Y Clarisa se preguntó cómo era posible que hubiera fuerzas gubernamentales para dar con los criminales y encarcelarlos, y en cambio no hubiera fuerzas gubernamentales que recogieran a estos mendigos y los llevaran a instalaciones donde los atendieran nutricionalmente hablando; emocionalmente; laboralmente; médicamente hablando. Pero esta reflexión era de nuevo muestra de su ingenuidad y de su desinformación, pues sabía que debía tener presente cómo son las condiciones de las instalaciones gubernamentales que sí existen, asilos, hospicios, para entender por qué los niños de la calle, los mendigos, los drogados, los desempleados y aún los ancianos prefieren la mendicidad que un posible servicio gubernamental que los acogiera y los cuidara, pues previsiblemente estos servicios gubernamentales, si existieran, resultarían todavía más nocivos para ellos que el desamparo, el hambre, la intemperie y, en definitiva, la carencia.
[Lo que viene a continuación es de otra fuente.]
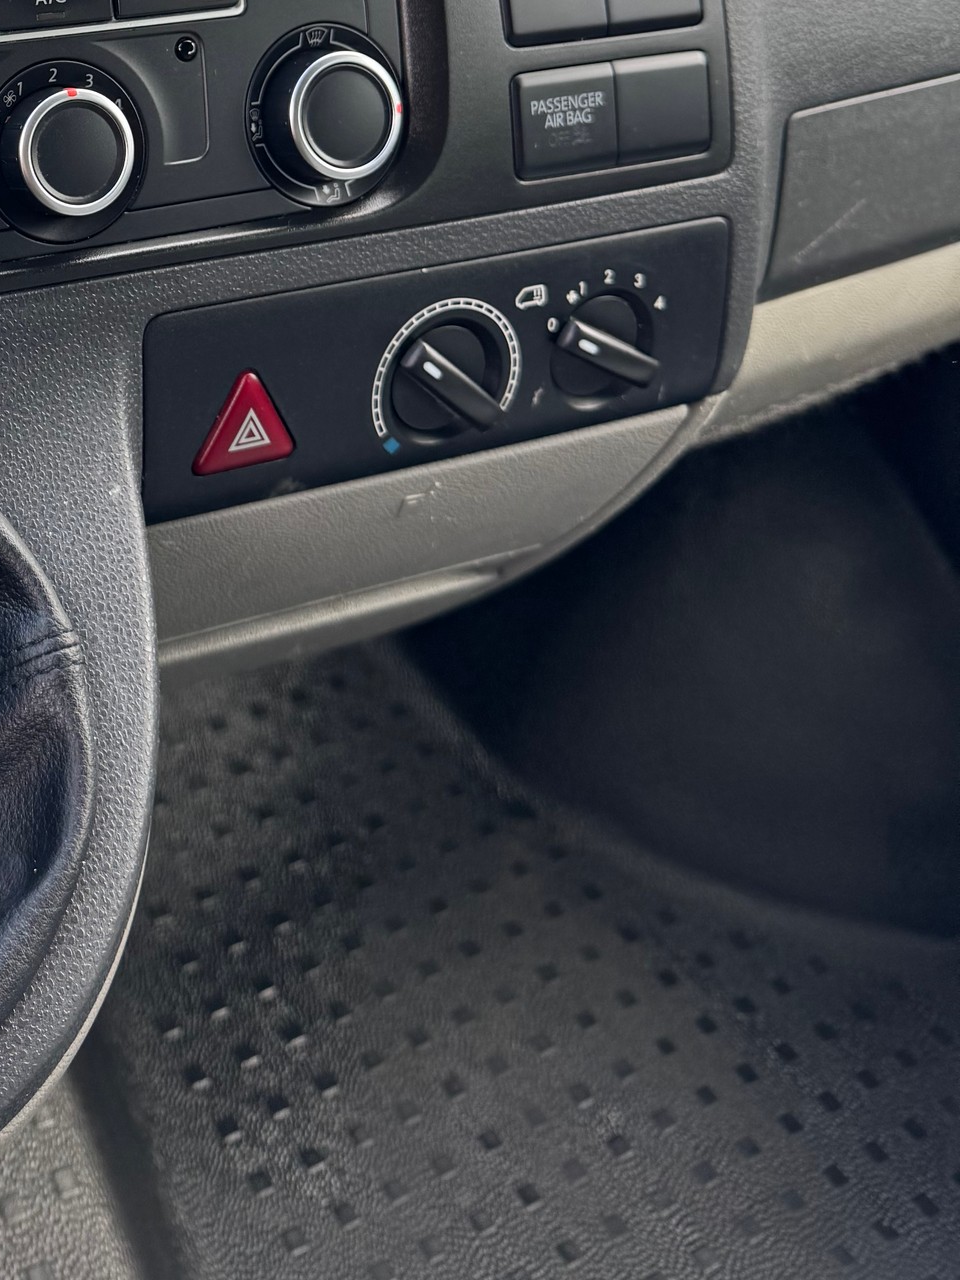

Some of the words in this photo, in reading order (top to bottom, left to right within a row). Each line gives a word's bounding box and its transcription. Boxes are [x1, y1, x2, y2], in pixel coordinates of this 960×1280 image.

[17, 81, 23, 96] 1
[48, 68, 58, 83] 2
[85, 74, 94, 88] 3
[530, 91, 604, 116] PASSENGER
[544, 114, 565, 129] AIR
[566, 108, 592, 126] BAG
[578, 281, 588, 297] 1
[603, 268, 616, 285] 2
[633, 272, 646, 289] 3
[653, 295, 666, 311] 4
Sin embargo, al regresar a Brava, en donde no sólo el tiempo le rinde más, leyó, con toda comodidad, con todo interés, con toda comprensión y hasta con toda indignación, el caso de Los niños desaparecidos de Tuam, un extenso y detallado reportaje de Dan Barry para The New York Times. Tras la lectura, su primera reflexión la llevó a considerar que cuanta meditación había hecho a su paso por la ciudad, alrededor de la miseria en su país ante los brazos cruzados del gobierno en turno, no era sino un tenue reflejo de lo que sucedió en Tuam, Irlanda, hace apenas medio siglo. En síntesis, sucedió que, en un centro para la atención de madres solteras y sus hijos, dirigido por una comunidad religiosa favorecida por el gobierno, durante décadas, detrás de su frente humanitario, lo que se practicó fue un doble crimen. Pues, por una parte, una vez que la mare daba a luz, aunque le conseguían empleo, la separaban contra su voluntad y para siempre de su hijo bastardo y, por otra, a los niños que morían no les daban debida sepultura sino que, sin respeto a los derechos humanos y en complicidad con el gobierno, las monjas los enterraban en un enorme foso séptico en desuso, anónimos, olvidables, muertos dos veces, en su presente y para el futuro.

Y la segunda reflexión de Clarisa la llevó a admirar a Catherine Corless, un ama de casa irlandesa de 63 años de edad, habitante de Tuam, casada, madre y abuela que, movida por su historia personal y sus angustiosos recuerdos, se convirtió en la historiadora aficionada que descubrió y denunció los hechos.